Enterprise then makes first contact with the Romulan Star Empire when two Warbirds decloak and demand that they jettison the mine with Reed attached. Knowing that any attempt to cut the arm would set off the mine, Reed becomes insistent on sacrificing himself to save Enterprise. Archer returns to the ship and requests two shuttle hatches from a puzzled Commander Tucker, also ordering him to detach the hull plate as planned. As the plates and the attached mine float off, he severs the spike holding Reed. This arms the mine, but Reed and Archer are also able to shield themselves from the resulting explosion. Enterprise then collects the crewmen before warping away from the Romulans.

==Production==
This is the first episode credited to writer John Shiban. He joined Enterprise having previously worked on The X-Files for seven years. Shiban said it took some adjustment to write for the optimistic future of Star Trek, but that similar to his past work, "space is a scary place, there are creepy aliens and we don't know if we're going to succeed."
Shiban was in part inspired by the television series Danger UXB, which was set during World War II and was about team dealing with unexploded bombs. Developing the episode, they decided Malcolm Reed would be the best character to try and pin down both literally and figuratively. Shiban had planned to use an unknown alien species, but the Romulans were suggested and it seemed like a perfect fit for the story, as the aliens needed to be unhelpful and unwilling to communicate. Captain Kirk in the original series was credited as the first human to look a Romulan eye-to-eye, so Rick Berman was careful not to contradict that, and the Romulans remained unseen throughout the episode. Nonetheless, the introduction of Romulan cloaking technology 100 years before James T. Kirk and Federation outposts would encounter it—something Mr. Spock only theorized was even possible—is considered a clear canon violation.
They also thought it was important to recognize that the ship had been badly damaged, and not simply have the ship repaired and back to normal the next week. This led to the idea for the next episode "Dead Stop", where they must seek out help to repair the ship.

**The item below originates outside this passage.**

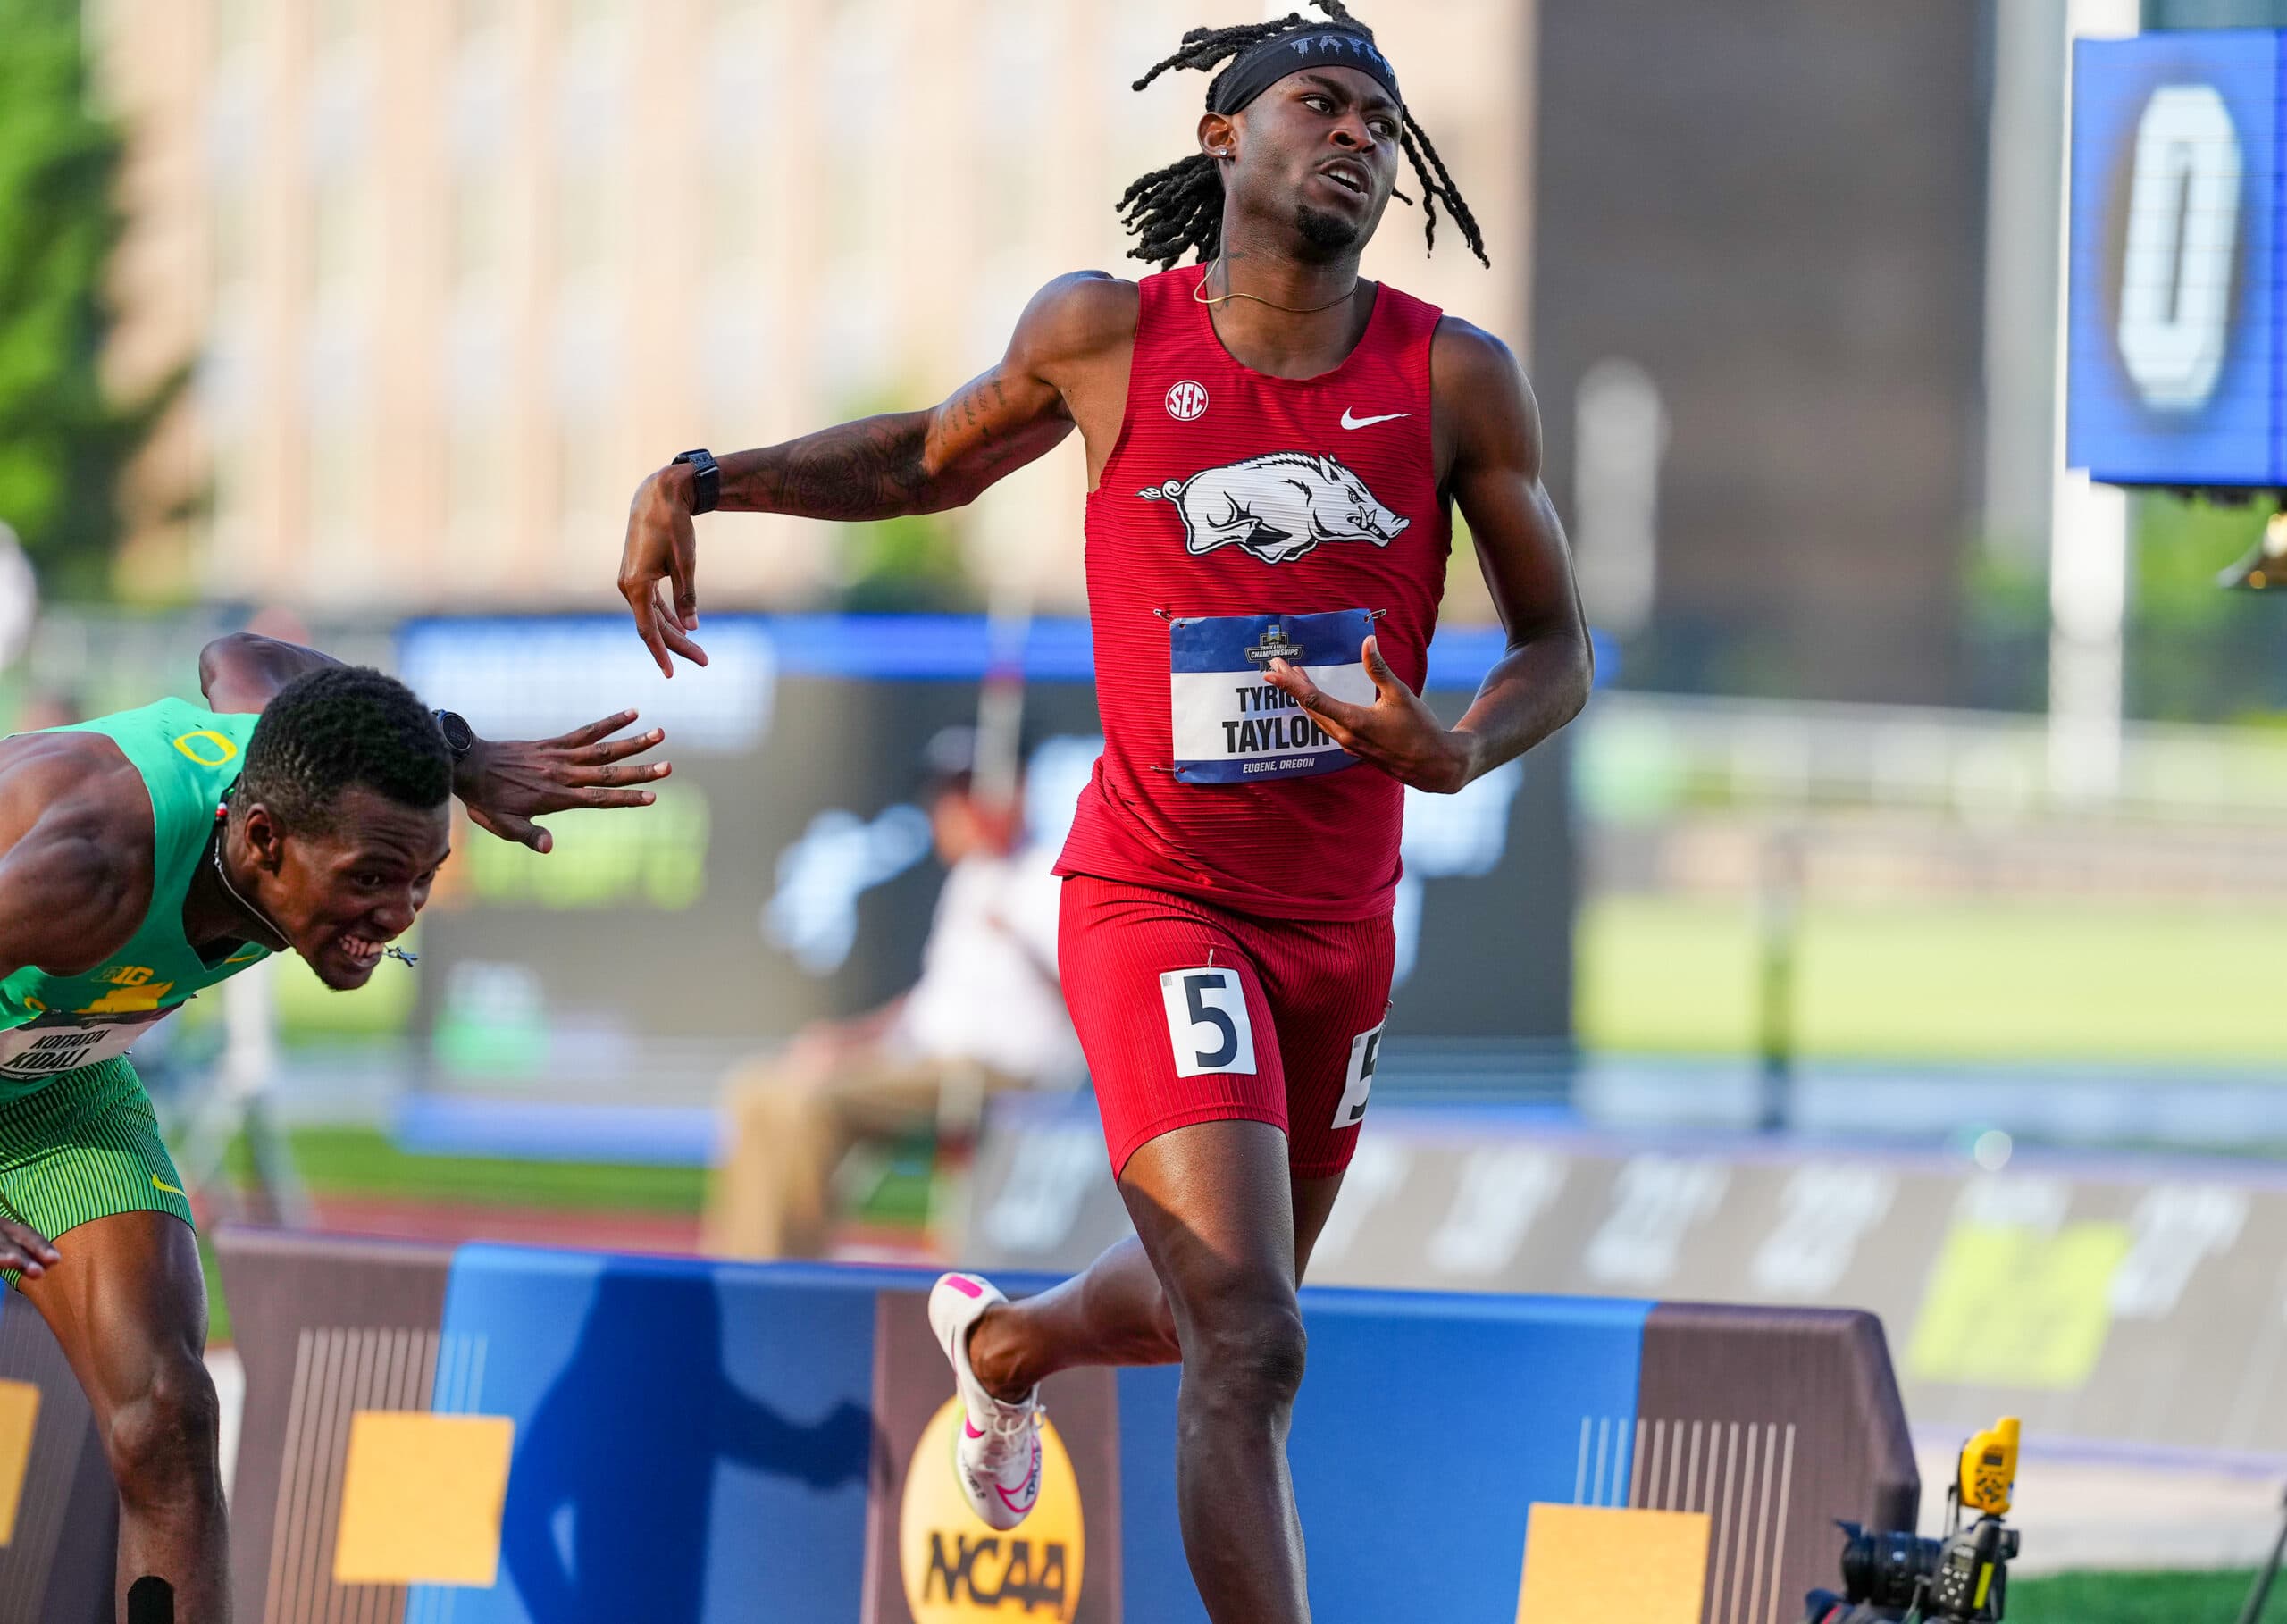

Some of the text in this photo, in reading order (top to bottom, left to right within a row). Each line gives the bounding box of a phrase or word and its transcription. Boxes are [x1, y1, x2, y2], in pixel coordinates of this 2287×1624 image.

The episode filmed for a week and a half, from July 19 until July 31, 2002. Visual effects producer Dan Curry came in for two days during the next episode, to direct additional exterior ship shots with Dominic Keating.

Filming was complicated by the bulky environmental suits, and the simulation of zero-gravity. Dominic Keating said: "The space suits are the mother of all costumes. They weigh a ton. They are thick rubber. You sweat. I lost five pounds that week." He also said Bakula seriously put his back out. Despite the difficulties he was pleased with how the episode turned out: "it meshed together really well. It delivered some good character moments and good action too."

==Technology==
"Minefield" is noted for its presentation of Star Treks cloaking technology to a space mine.

==Reception==

"Minefield" was first broadcast October 2, 2002, on UPN. According to Nielsen a rating of 3.5 and a share of six, meaning 3.5 percent of households in America with TV sets saw the episode, and 6% of households watching television at the time were watching the show. This translated into 5.2 million viewers, an increase over the season premiere. UPN was struggling with low ratings compared to the same time the previous year, and UPN executives argued that the drop was because Buffy and Star Trek had enjoyed unusually strong debuts.

Michelle Erica Green at TrekToday praised Dominic Keating for giving "a truly excellent performance, subtle and moving" while also noting that Reed's "big selfless dramatic gesture was undoubtedly written to create drama in an otherwise formulaic episode that takes no risks," comparing the "ticking-time-bomb plot" to other "genre stories" like The Abyss and The Running Man. Green criticized the writers' failure to "explain space-peeing, like [in] Apollo 13" after risking "TMI syndrome by bringing up bodily functions usually neglected on Trek". She points out a possible continuity issue in that it "seems a bit early" in the "timeline of stealth development" for sophisticated Romulan cloaking technology, and grateful that they "somehow weren't interested in taking over pre-Federation Earth." Green concluded that, "Visually Minefield holds attention because the external images are superb -- the Romulan ships rising over Enterprise, the hull lighting, the design of the mine itself. It's also well-paced even if we could all guess the precise moment when the mine would re-arm itself..." comparing the outcome of the story to "Chekhov (the writer, not the Star Trek character) [who] once said that in any story, if there's a gun on the wall at the beginning, it should go off by the end."

In his 2022 rewatch, Keith DeCandido of Tor.com gave it eight out of ten.
In 2021, The Digital Fix said this episode was one of the highlights from season two, and called it a "tense episode" and noting references to the Romulan Star Empire.

==Home media==
The first home media release of "Minefield" was part of the season two DVD box set, released in the United States on July 26, 2005. A release on Blu-ray Disc for season two occurred on August 20, 2013.